A nadie le amarga un dulce, por Asia: los 5 postres más queridos en todo Malasia
Pocas cosas despiertan tanta unanimidad como un buen postre. Y si hablamos de los más célebres del continente asiático, Malasia juega en otra liga. Su historia culinaria, marcada por la convivencia de tradiciones malayas, chinas e indias, explica por qué los postres de Malasia son variados, aromáticos y muy ligados al arroz, el coco y el pandan. Aquí lo dulce es cotidiano, colorido y profundamente callejero.

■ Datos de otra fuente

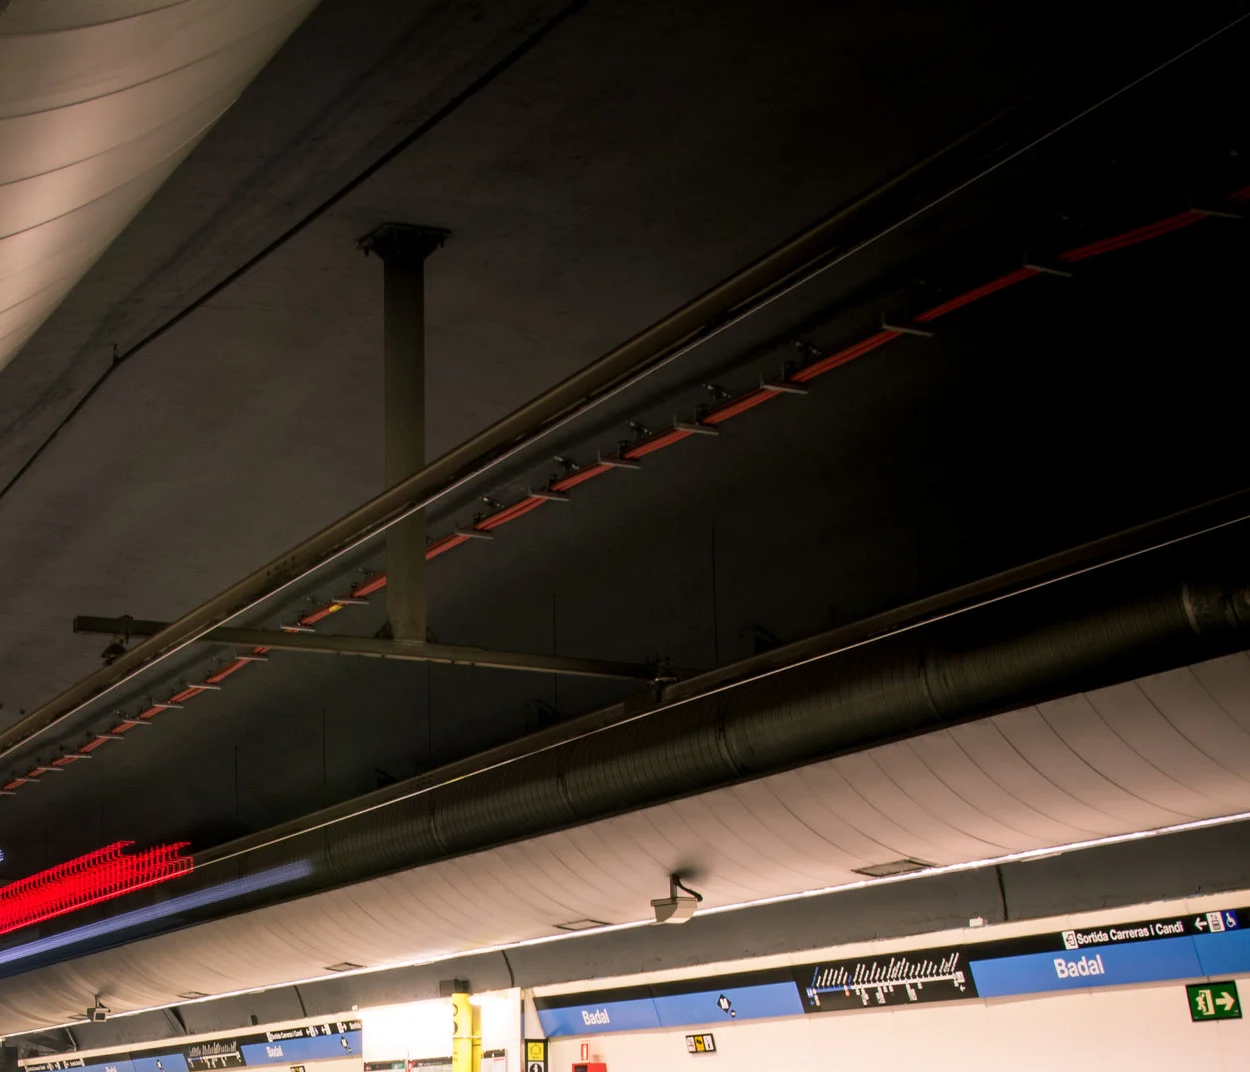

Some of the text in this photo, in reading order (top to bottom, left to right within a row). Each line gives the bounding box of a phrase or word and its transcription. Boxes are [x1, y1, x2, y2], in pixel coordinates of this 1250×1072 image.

En este recorrido por la repostería malaya asoman nombres que cualquier viajero ha visto —o probado—: el kuih lapis, el cendol o el kuih seri muka, dulces que forman parte del paisaje diario. Malasia puede dividirse por etnias o regiones, pero hay algo que la mantiene unida: su manera natural de compartir lo dulce en cualquier momento del día.
1. Cendol
Uno de los postres más populares del país. Se elabora con hielo picado, leche de coco, azúcar de palma y fideos verdes de arroz aromatizados con pandan. Refrescante y muy consumido en climas calurosos.
2. Kuih lapis
Pastel al vapor elaborado en capas de colores a base de harina de arroz y coco. Su textura gelatinosa y su aspecto llamativo lo convierten en uno de los dulces más reconocibles de la repostería local.
3. Kuih seri muka
Postre tradicional de dos capas: una base de arroz glutinoso y una capa superior cremosa de coco y pandan. Es habitual en desayunos, meriendas y celebraciones familiares.
4. Apam balik
Panqueque grueso relleno de cacahuete molido, azúcar y maíz dulce. Se dobla en caliente y se comparte en porciones. Muy común en puestos callejeros y mercados nocturnos.
5. Onde-onde
Bolas de arroz glutinoso rellenas de azúcar de palma líquida y cubiertas de coco rallado. Al morderlas, el interior se libera, lo que las convierte en uno de los dulces más queridos y reconocibles.
Malasia demuestra que el postre es mezcla y convivencia. Sus dulces hablan de mercados compartidos, de aromas cruzados y de una cocina donde lo dulce no entiende de fronteras culturales. A veces, entender un país empieza por probar lo mismo que come la gente en la calle, sin más explicación.